──────── Data supplied ────────
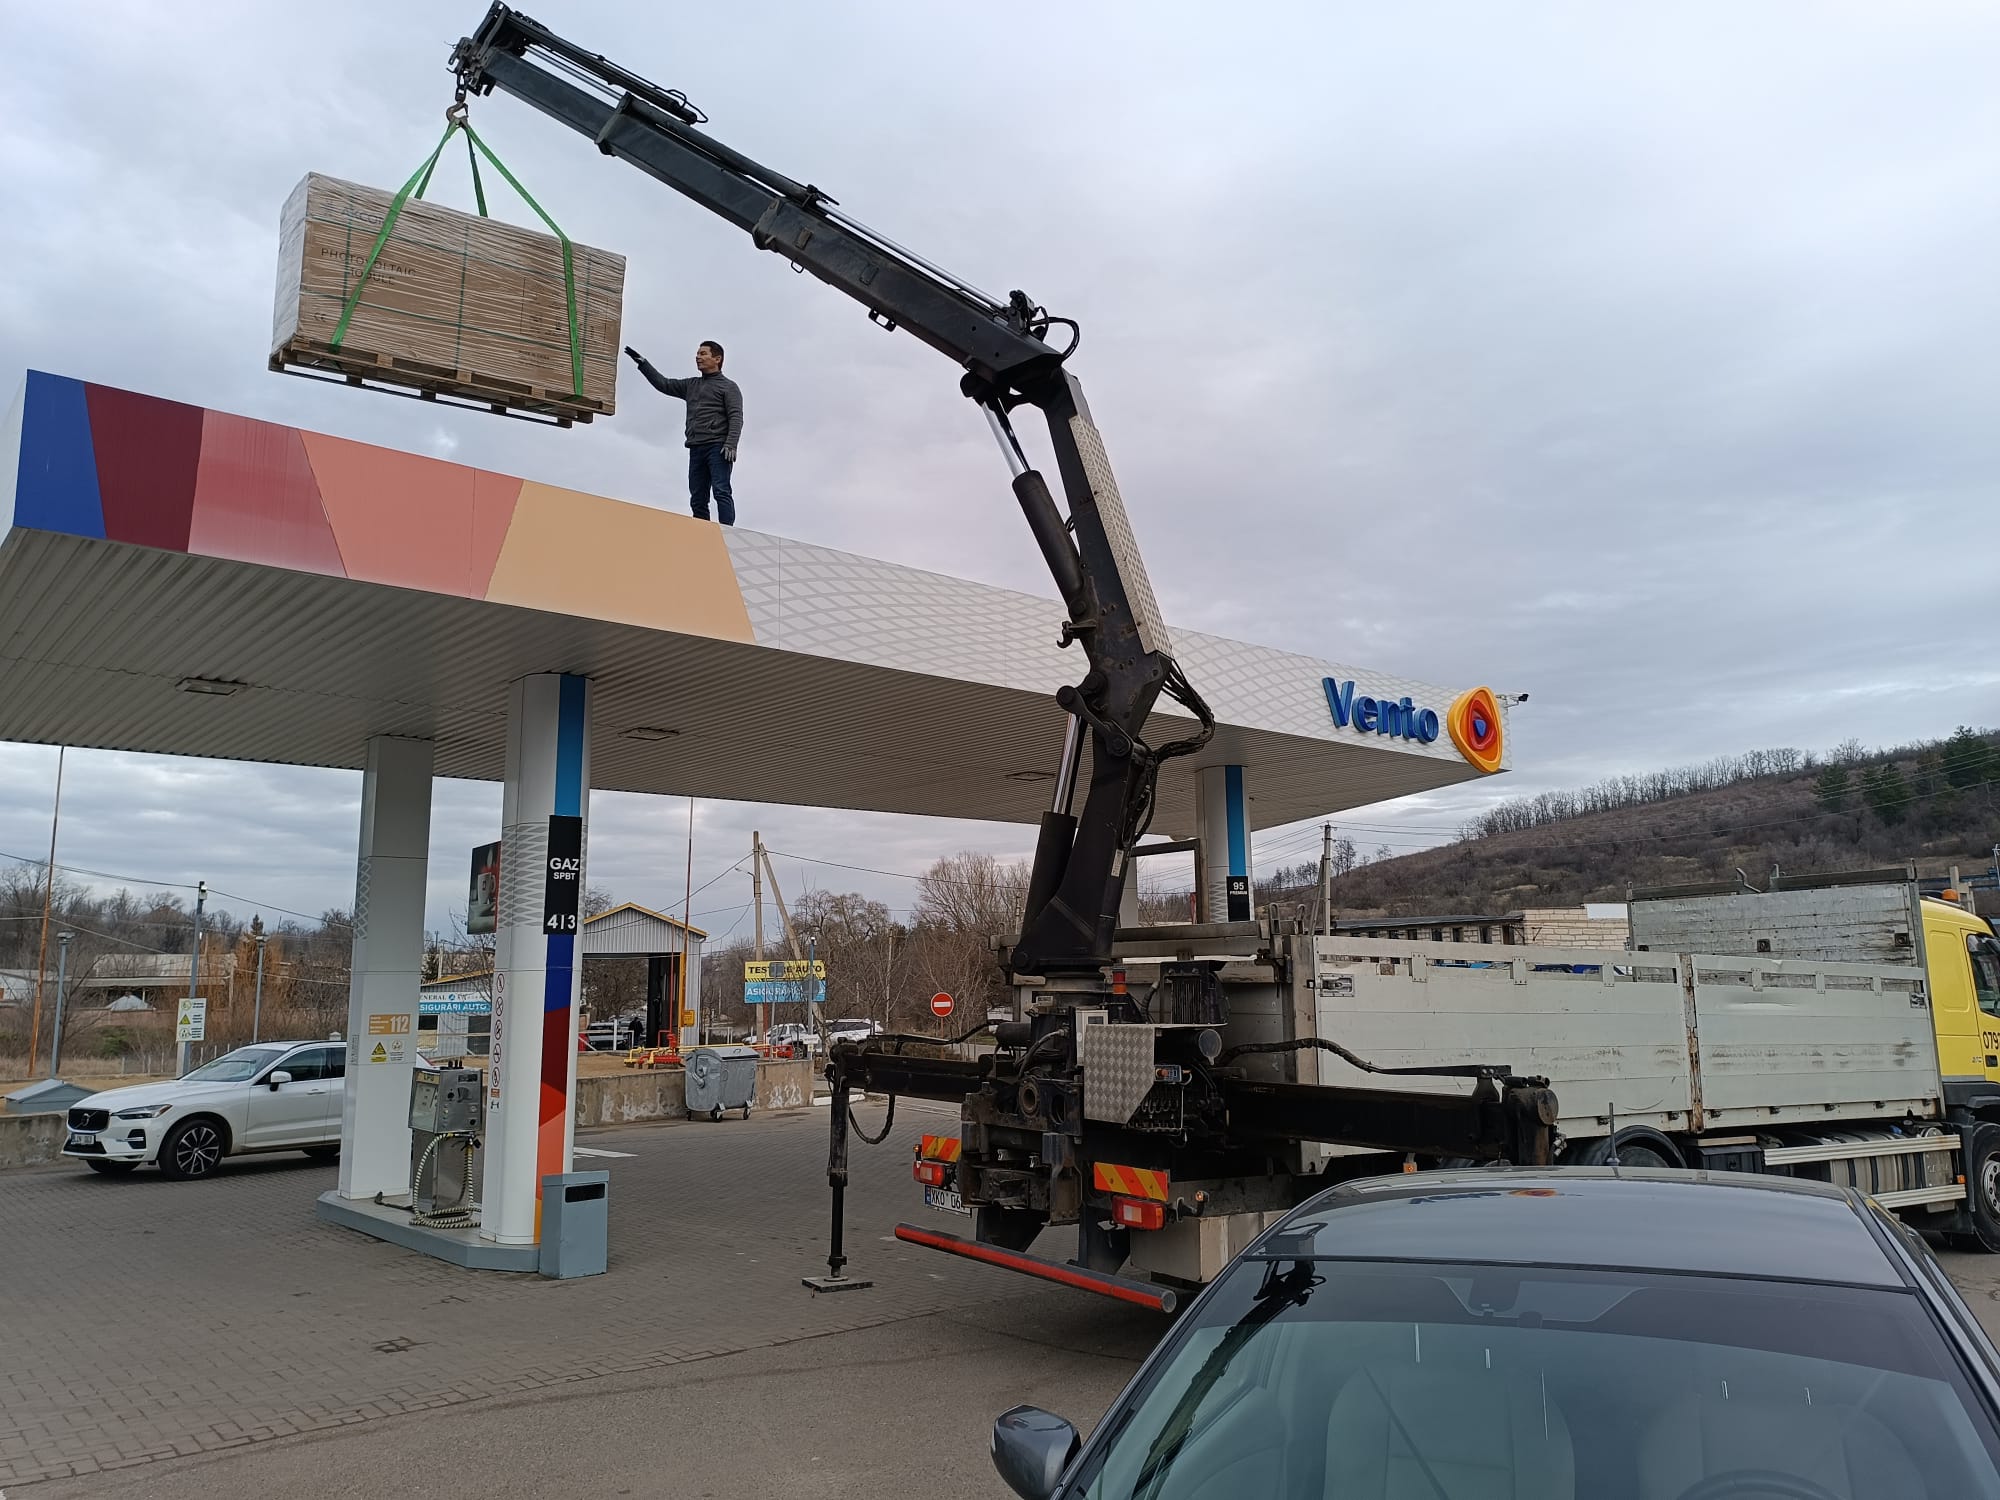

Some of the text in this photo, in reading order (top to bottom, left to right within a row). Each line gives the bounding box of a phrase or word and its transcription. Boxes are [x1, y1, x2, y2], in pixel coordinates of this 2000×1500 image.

[321, 247, 417, 276] PHOTOOLTAIC
[1322, 677, 1439, 743] Vento
[549, 857, 579, 871] GAZ
[553, 872, 576, 880] SPBT
[1233, 881, 1245, 891] 95
[795, 964, 822, 974] AUO
[390, 1016, 409, 1033] 112
[1983, 1030, 2000, 1050] 079
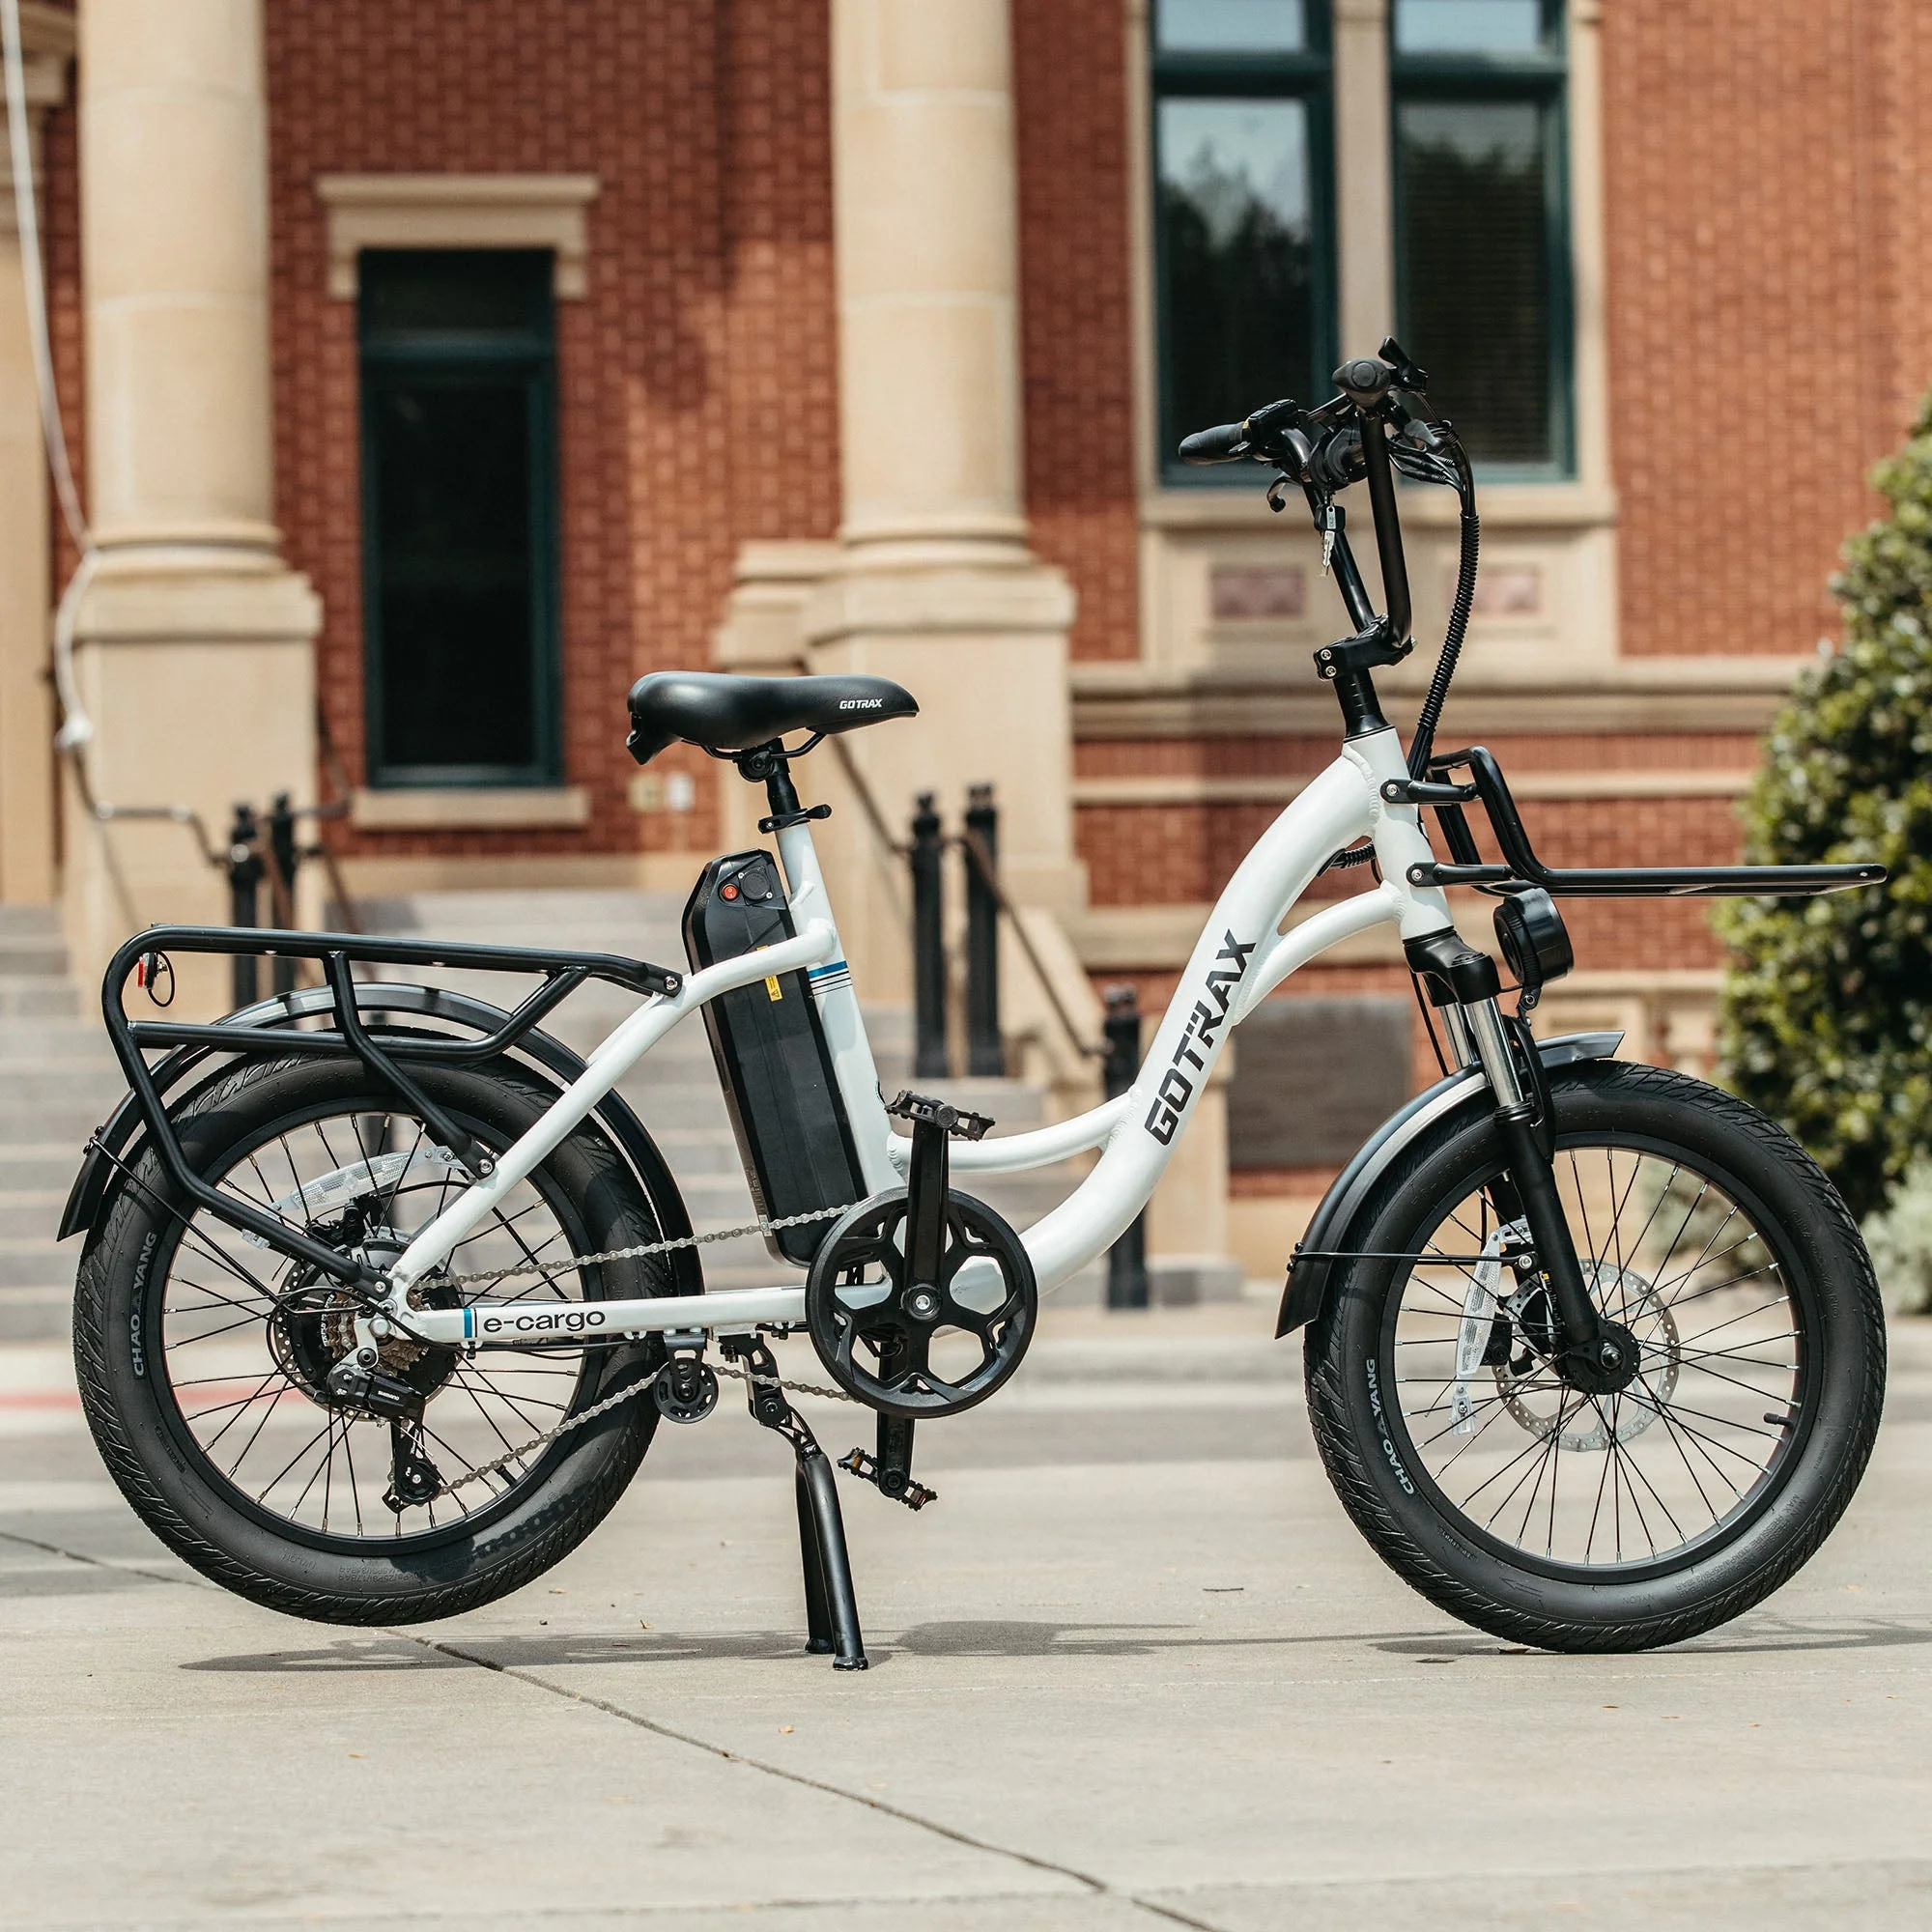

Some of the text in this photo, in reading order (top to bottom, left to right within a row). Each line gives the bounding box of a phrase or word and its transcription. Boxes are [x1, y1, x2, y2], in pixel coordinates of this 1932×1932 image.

[839, 697, 883, 710] GOTRAX
[1145, 928, 1256, 1146] GOTRAX
[130, 1232, 157, 1377] CHAO YANG
[483, 1310, 606, 1333] e-cargo
[1366, 1358, 1414, 1494] CHAO YANG
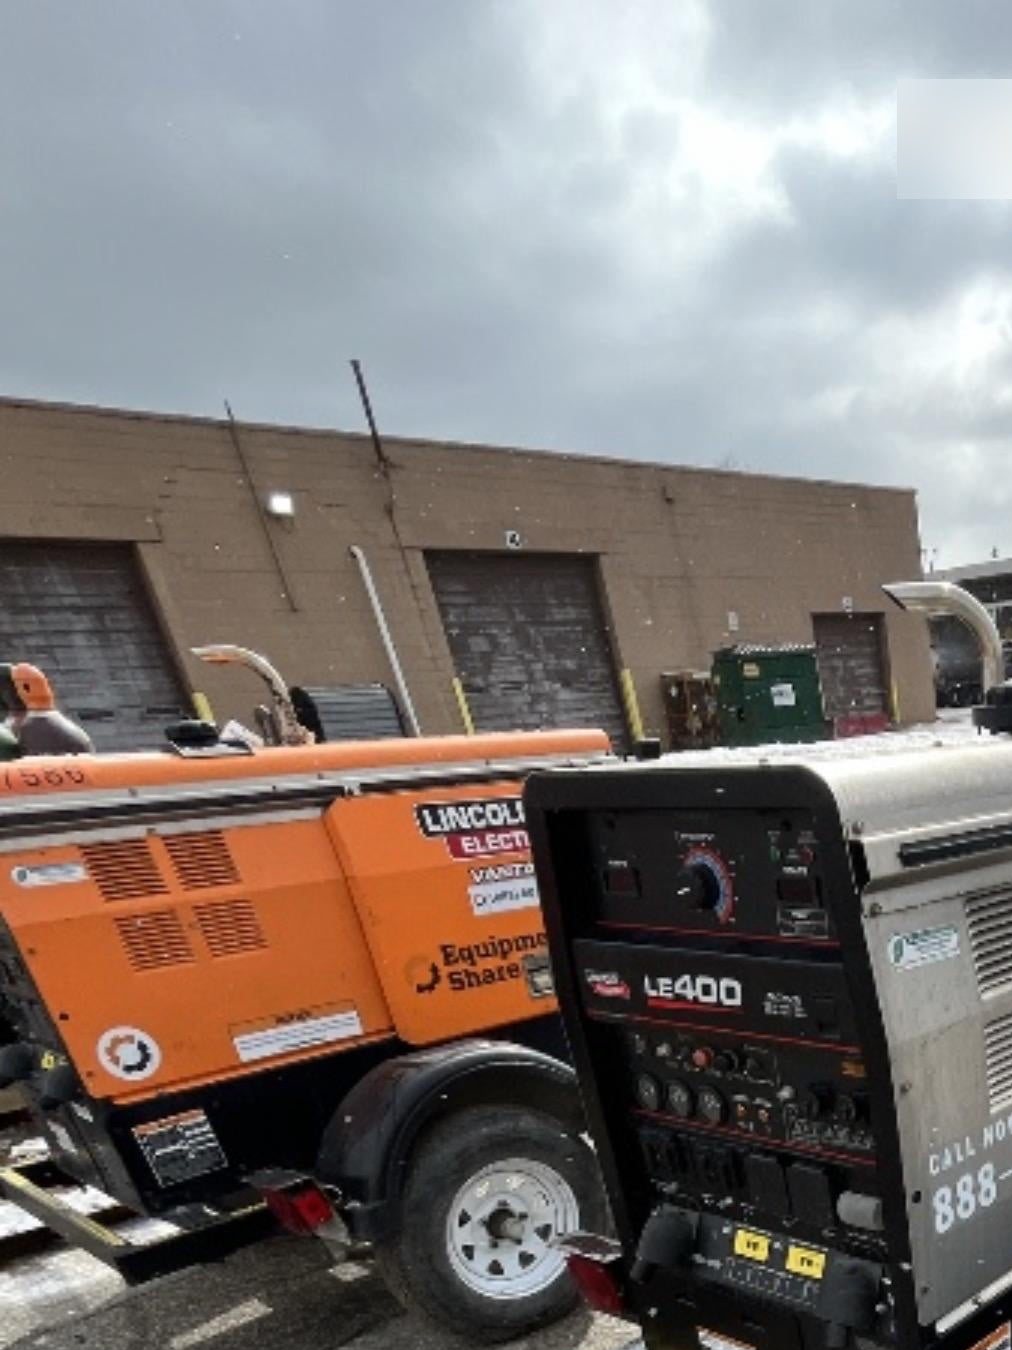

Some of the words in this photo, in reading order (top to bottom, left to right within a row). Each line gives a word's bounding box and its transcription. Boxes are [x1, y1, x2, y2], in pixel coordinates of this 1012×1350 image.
────────
Exercise directions —
When you reach a picture, pass over it; write out all other material exactly.

Output for this task —
Some of the text in this photo, in reading order (top to bottom, left to right within a row). Each line gives the bounding box of a phrase or word and its transcription. Boxes are [x1, y1, x2, y2], in pixel coordinates of this 2000×1500 image.

[321, 247, 417, 276] PHOTOOLTAIC
[1322, 677, 1439, 743] Vento
[549, 857, 579, 871] GAZ
[553, 872, 576, 880] SPBT
[1233, 881, 1245, 891] 95
[795, 964, 822, 974] AUO
[390, 1016, 409, 1033] 112
[1983, 1030, 2000, 1050] 079

Some of the text in this photo, in reading order (top to bottom, left to right within a row). Each line gives the bounding box of a phrase or word and its transcription. Boxes are [x1, y1, x2, y2], in pixel coordinates of this 1932×1932 image.

[839, 697, 883, 710] GOTRAX
[1145, 928, 1256, 1146] GOTRAX
[130, 1232, 157, 1377] CHAO YANG
[483, 1310, 606, 1333] e-cargo
[1366, 1358, 1414, 1494] CHAO YANG

Some of the words in this photo, in reading order (top to bottom, left to right within a row). Each line gives a word's bounding box and its transcription. Boxes are [x1, y1, x2, y2], in pixel coordinates of this 1012×1350 image.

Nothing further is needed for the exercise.